§ DATA SUPPLIED:
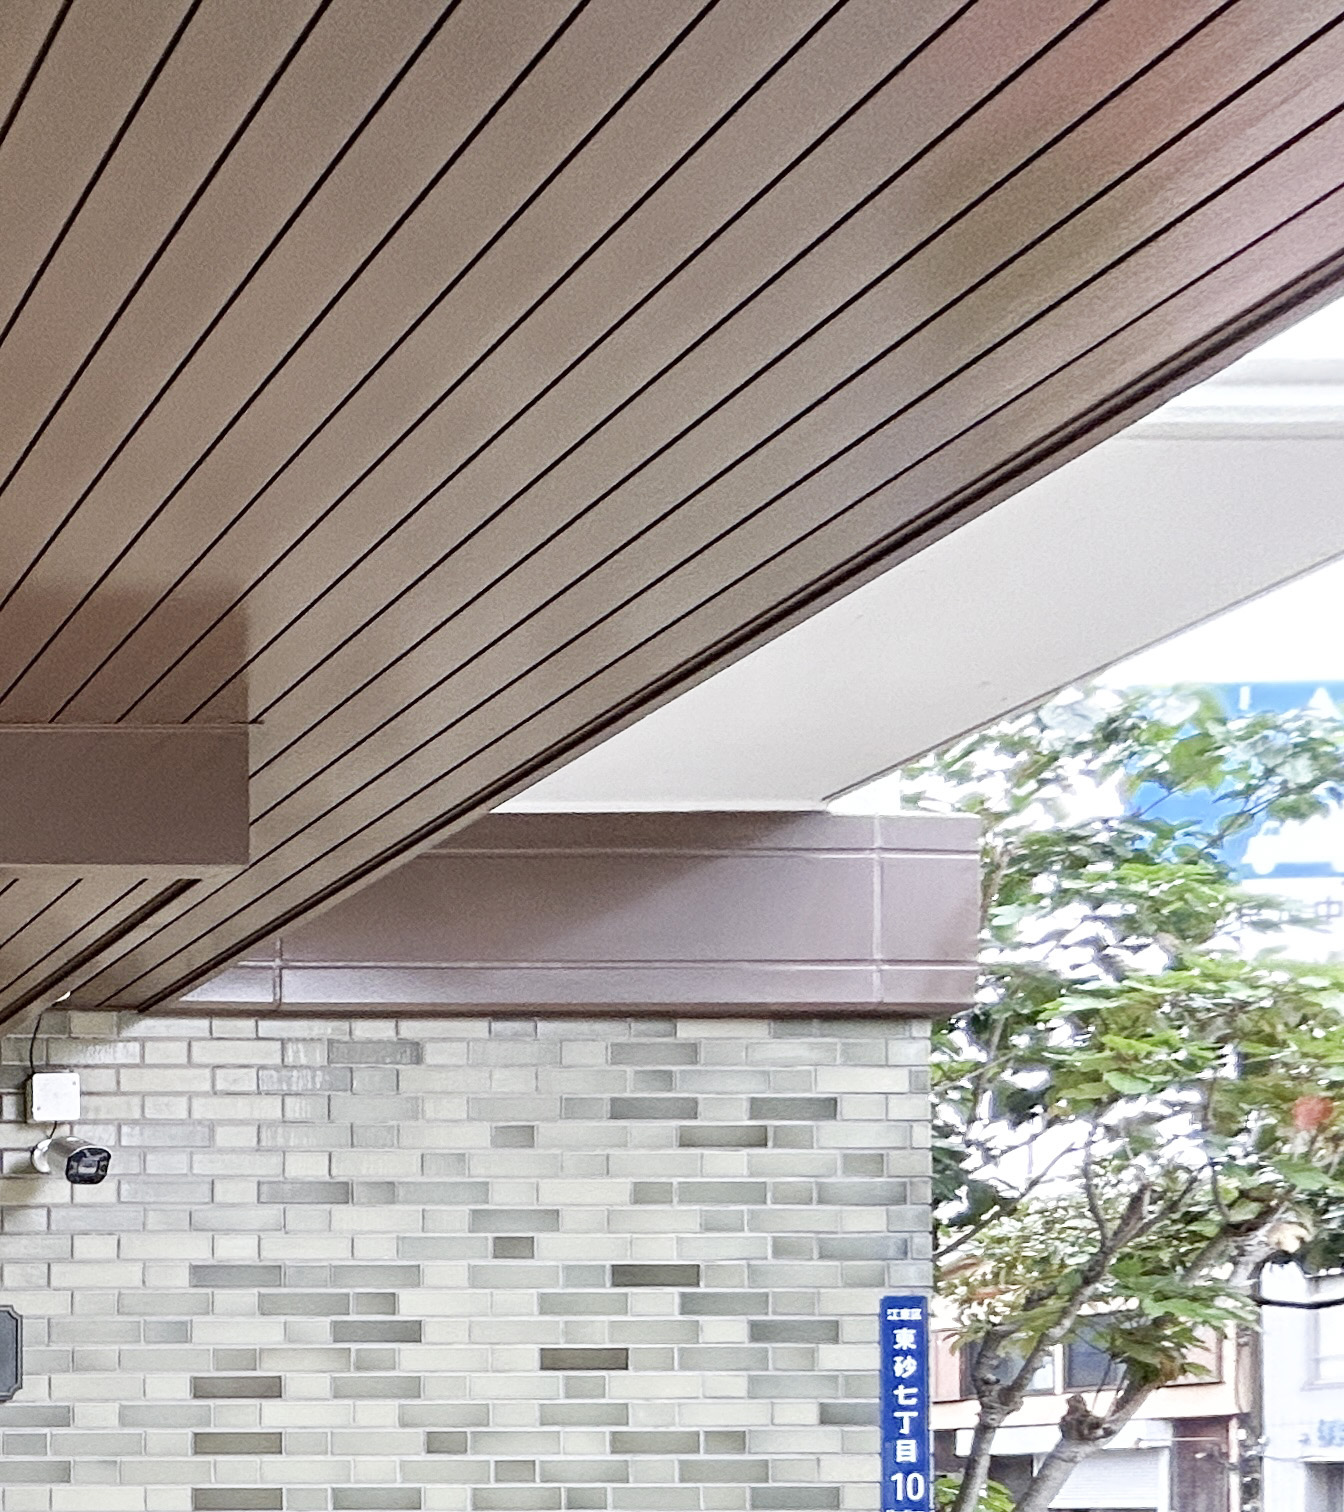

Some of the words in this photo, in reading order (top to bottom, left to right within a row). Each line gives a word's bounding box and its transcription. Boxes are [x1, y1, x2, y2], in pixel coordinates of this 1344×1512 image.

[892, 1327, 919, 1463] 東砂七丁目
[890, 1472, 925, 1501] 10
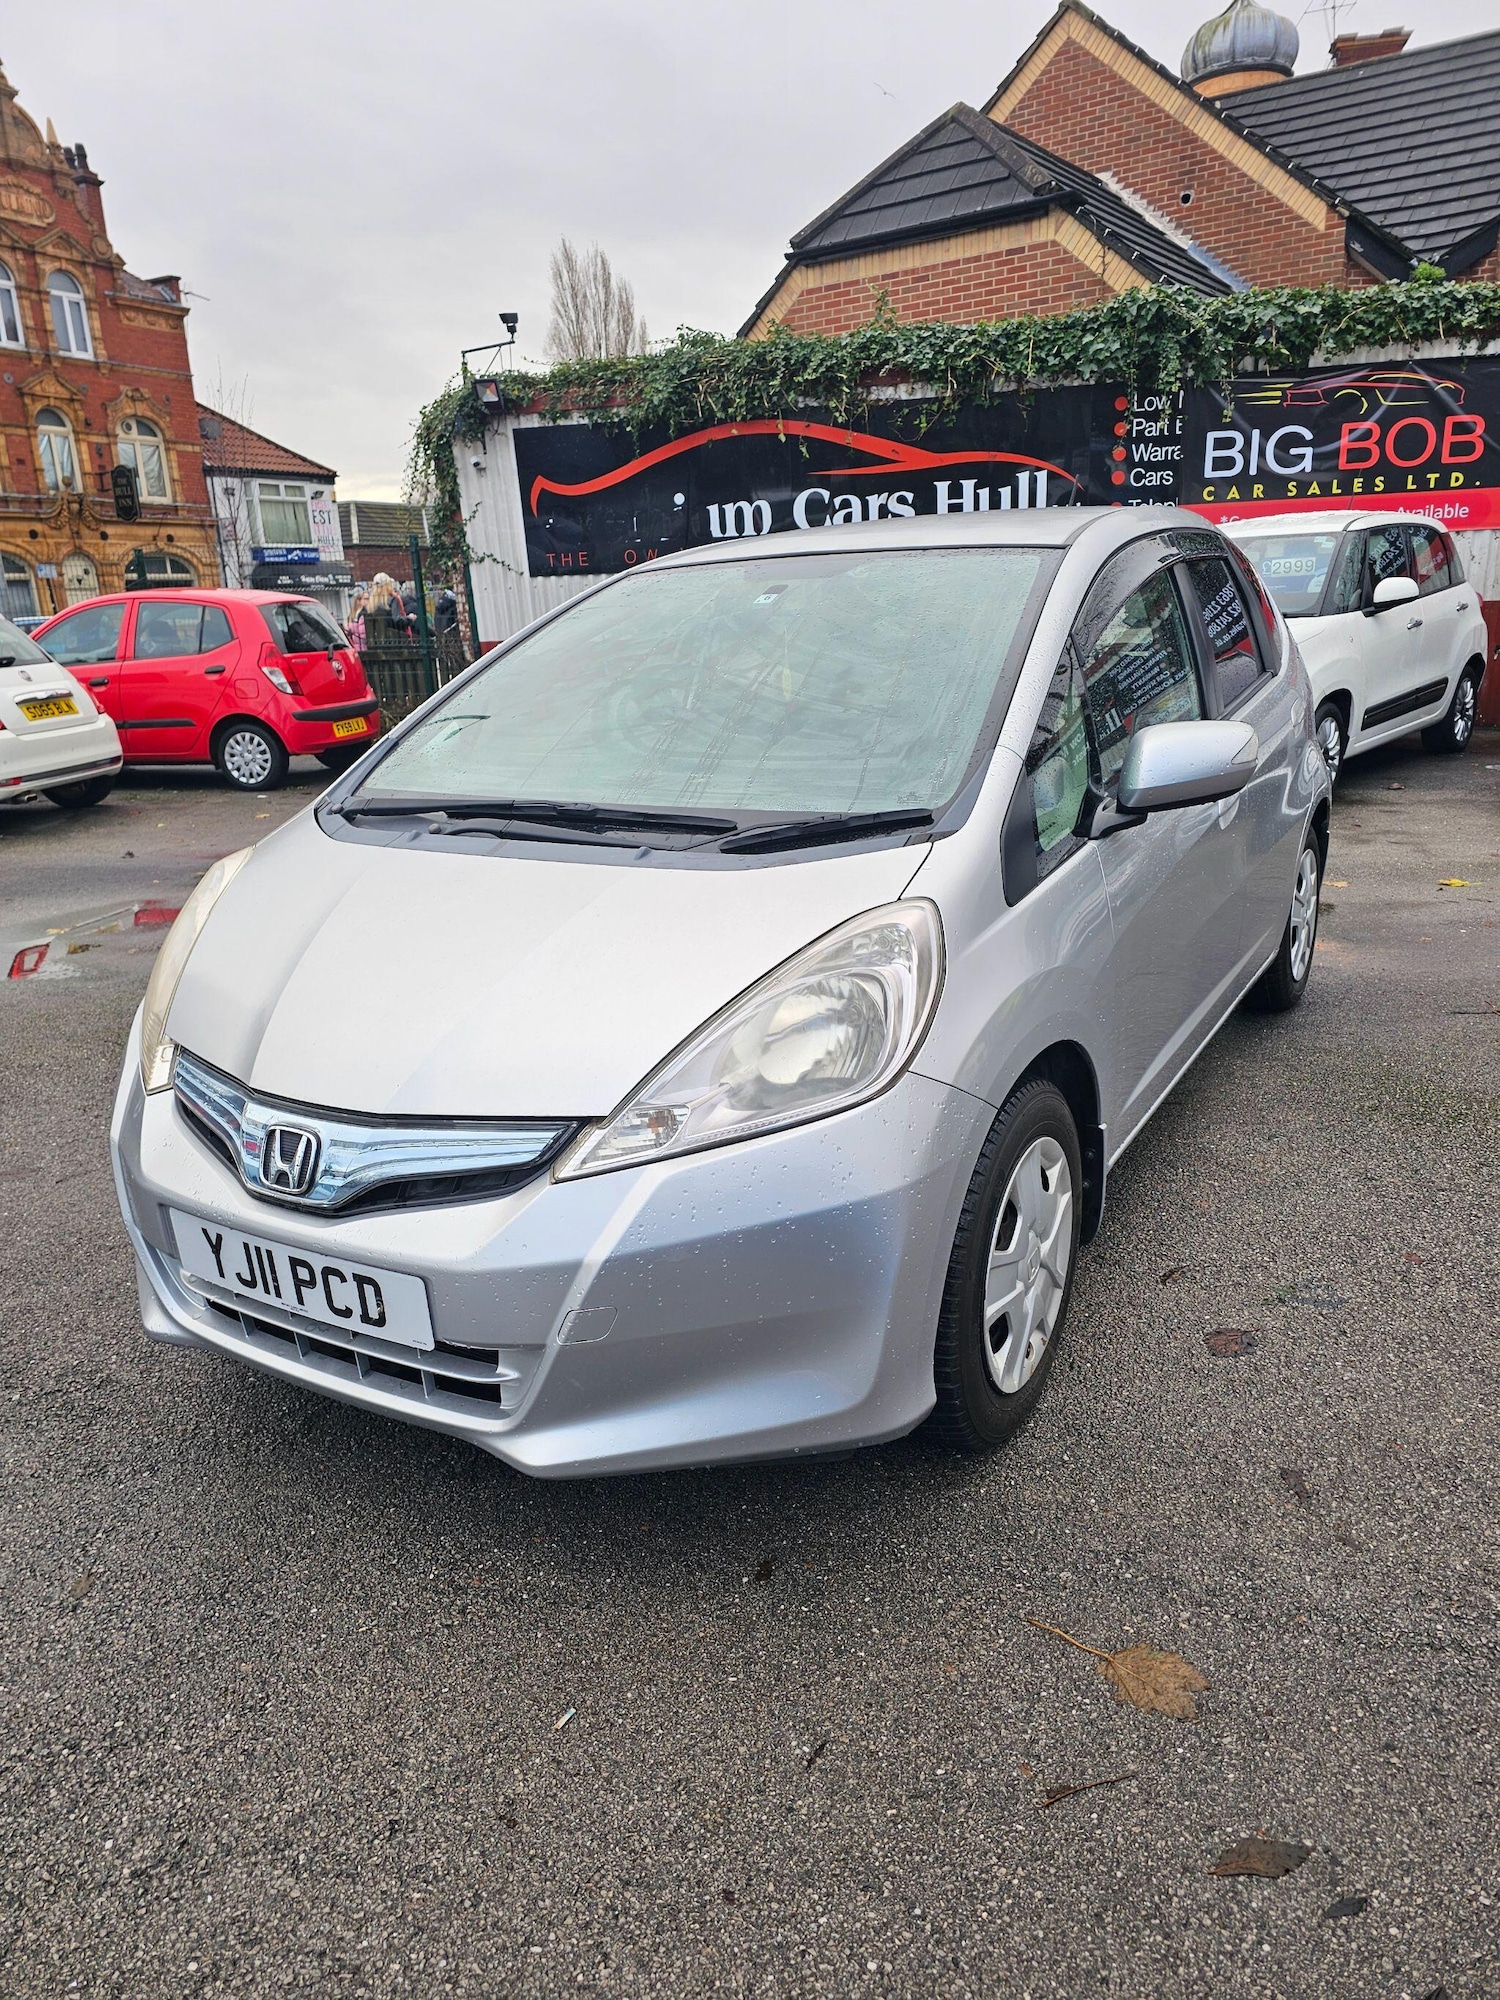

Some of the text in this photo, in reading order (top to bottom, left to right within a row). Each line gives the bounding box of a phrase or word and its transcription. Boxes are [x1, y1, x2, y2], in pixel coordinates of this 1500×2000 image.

---

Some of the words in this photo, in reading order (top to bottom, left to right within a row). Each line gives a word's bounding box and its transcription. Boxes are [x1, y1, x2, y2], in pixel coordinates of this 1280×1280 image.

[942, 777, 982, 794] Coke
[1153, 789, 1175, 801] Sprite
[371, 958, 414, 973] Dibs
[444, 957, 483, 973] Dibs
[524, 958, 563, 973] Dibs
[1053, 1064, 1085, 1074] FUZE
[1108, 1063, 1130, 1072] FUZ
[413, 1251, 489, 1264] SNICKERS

§ EXERCISE PROMPT:
Set down word for word the lines above from the one with "this 1344×1512 image." up to and including the one with "Some of the text". Omit every picture.

§ RESULT FOR THIS EXERCISE:
Some of the words in this photo, in reading order (top to bottom, left to right within a row). Each line gives a word's bounding box and its transcription. Boxes are [x1, y1, x2, y2], in pixel coordinates of this 1344×1512 image.

[892, 1327, 919, 1463] 東砂七丁目
[890, 1472, 925, 1501] 10

Some of the text in this photo, in reading order (top to bottom, left to right within a row). Each line gives the bounding box of a phrase or word and its transcription. Boxes are [x1, y1, x2, y2], in pixel coordinates of this 1500×2000 image.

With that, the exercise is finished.